Financial & competing interests disclosure
The authors are supported by the Protein research Unit Ruhr within Europe (PURE) and ‘Validierung Marker-freier Imaging Verfahren und neu identifizierter Biomarker unter Nutzung des PURE Konsortiums’, both projects of the State Government North Rhine-Westphalia (Germany) and the European Joint Programme Neurodegenerative Disease Research (JPND project: BIOMARKAPD). The authors have no other relevant affiliations or financial involvement with any organization or entity with a financial interest in or financial conflict with the subject matter or materials discussed in the manuscript apart from those disclosed.

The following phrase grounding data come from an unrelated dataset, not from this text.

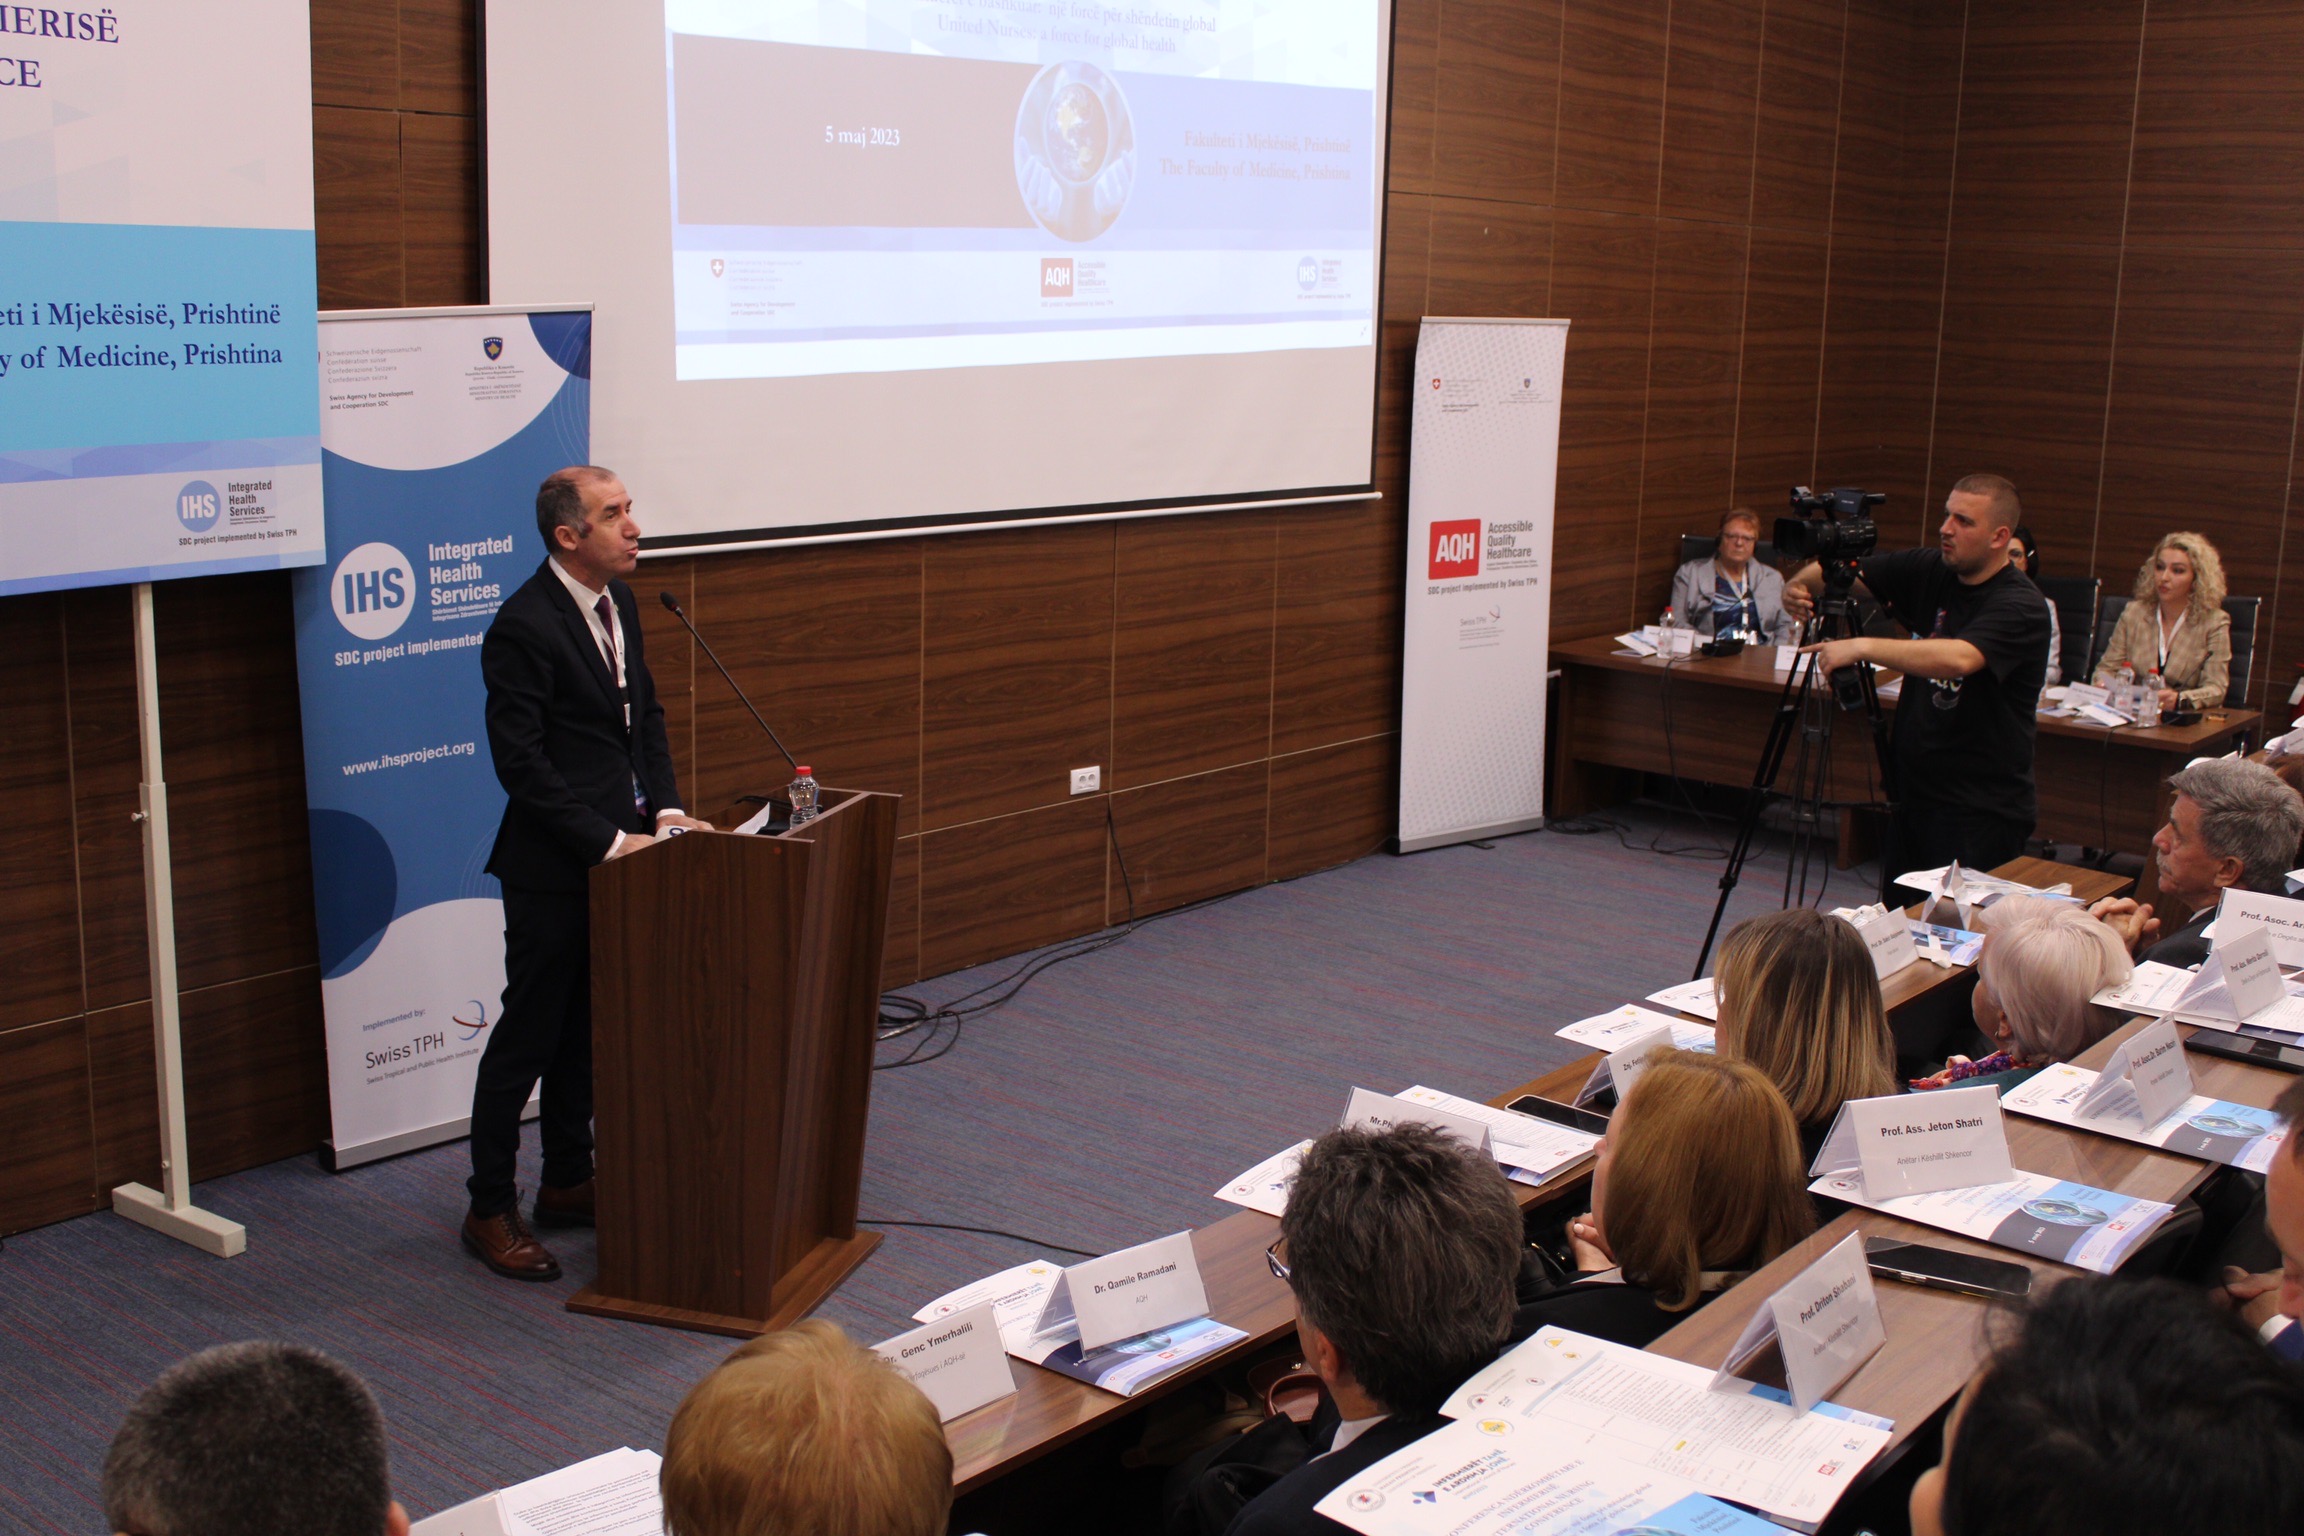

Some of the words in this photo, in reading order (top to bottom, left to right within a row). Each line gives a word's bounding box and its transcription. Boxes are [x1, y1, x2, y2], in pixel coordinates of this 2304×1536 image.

[937, 14, 983, 35] United
[1084, 29, 1100, 45] for
[1103, 34, 1138, 51] global
[1141, 37, 1176, 53] health
[1182, 16, 1216, 33] global
[825, 125, 834, 143] 5
[838, 127, 866, 149] maj
[870, 127, 900, 146] 2023
[1160, 157, 1184, 175] The
[1187, 160, 1230, 179] Faculty
[1233, 161, 1245, 176] of
[1045, 267, 1070, 287] AQH
[1299, 265, 1316, 282] IHS
[32, 303, 40, 325] i
[48, 303, 175, 332] Mjekësisë,
[182, 303, 281, 324] Prishtinë
[21, 346, 47, 369] of
[57, 344, 176, 371] Medicine,
[183, 343, 283, 365] Prishtina
[329, 394, 345, 402] Swiss
[346, 393, 367, 402] Agency
[378, 390, 414, 398] Development
[342, 401, 376, 410] Cooperation
[181, 494, 216, 519] IHS
[228, 480, 272, 493] Integrated
[229, 494, 257, 505] Health
[230, 506, 265, 516] Services
[179, 537, 192, 546] SDC
[194, 535, 216, 546] project
[218, 531, 257, 544] implemented
[258, 531, 265, 540] by
[267, 530, 283, 538] Swiss
[1434, 533, 1475, 564] AQH
[1488, 521, 1533, 533] Accessible
[1487, 535, 1516, 547] Quality
[1487, 547, 1532, 560] Healthcare
[343, 567, 406, 614] IHS
[428, 535, 513, 562] Integrated
[429, 562, 482, 585] Health
[431, 584, 500, 606] Services
[1428, 586, 1440, 595] SDC
[1441, 585, 1461, 596] project
[1462, 581, 1499, 592] implemented
[1500, 580, 1506, 589] by
[1508, 578, 1524, 587] Swiss
[1526, 577, 1538, 586] TPH
[335, 650, 360, 667] SDC
[363, 642, 404, 665] project
[407, 631, 483, 655] implemented
[342, 742, 475, 776] www.ihsproject.org
[2240, 910, 2261, 921] Prof.
[2263, 915, 2290, 926] Asoc.
[362, 1010, 413, 1032] Implemented
[414, 1008, 426, 1018] by:
[365, 1045, 411, 1069] Swiss
[413, 1032, 445, 1054] TPH
[1881, 1126, 1904, 1137] Prof.
[1905, 1125, 1925, 1135] Ass.
[1928, 1121, 1954, 1132] Jeton
[1955, 1117, 1983, 1129] Shatri
[1945, 1149, 1973, 1160] Shkencor
[1094, 1284, 1106, 1294] Dr.
[1107, 1275, 1136, 1290] Qamile
[1137, 1261, 1177, 1282] Ramadani
[1136, 1294, 1148, 1304] AQH
[1800, 1305, 1816, 1324] Prof.
[1814, 1292, 1834, 1313] Driton
[1832, 1272, 1857, 1298] Shabani
[901, 1343, 926, 1359] Genc
[926, 1321, 974, 1348] Ymerhalili
[1445, 1499, 1505, 1536] ONFERENCA
[1493, 1495, 1557, 1536] TERNATIONAL
[1523, 1496, 1585, 1532] CONFERENCE

Amyloid plaques are found in postmortem Alzheimer’s disease (AD) patients’ brains and their major components are amyloid-β peptides (Aβ). Aβ is a key component of the biochemical process of AD pathogenesis; therefore, it is studied as biomarker for diagnosis.
Cerebrospinal fluid (CSF) is in direct contact with the brain and it is the most meaningful source of biomarkers for neurodegeneration and also of Aβ peptide concentration monitoring. Due to difficulties and side effects of CSF drawn, plasma is used as body fluid for AD biomarker studies.
Aβ peptides are notoriously hydrophobic, they bind to biomolecules and they are produced by several organs in human body; their presence in blood is related to several biological processes, therefore, their identification/quantification in plasma is challenging.
Plasma Aβ does not correlate to AD diagnosis or progression but it might be useful to monitor amyloid response for disease progression in drug targeting studies or drug treatment.
Aβ concentrations in AD and healthy control subjects measured by ELISA show huge inter-laboratory differences. Antibody masking, Aβ oligomerization and complex formation make ELISA measurements less reproducible in inter-laboratory studies. A quantification method able to give an accurate absolute concentration value is needed.
Mass spectrometry-based methods (like selected reaction monitoring) seem to be the best alternative to ELISA, able to give a reproducible quantification.
Low endogenous Aβ need an enrichment prior to mass spectrometry-based quantification; immunoprecipitation and solid phase extraction are the most used and promising techniques.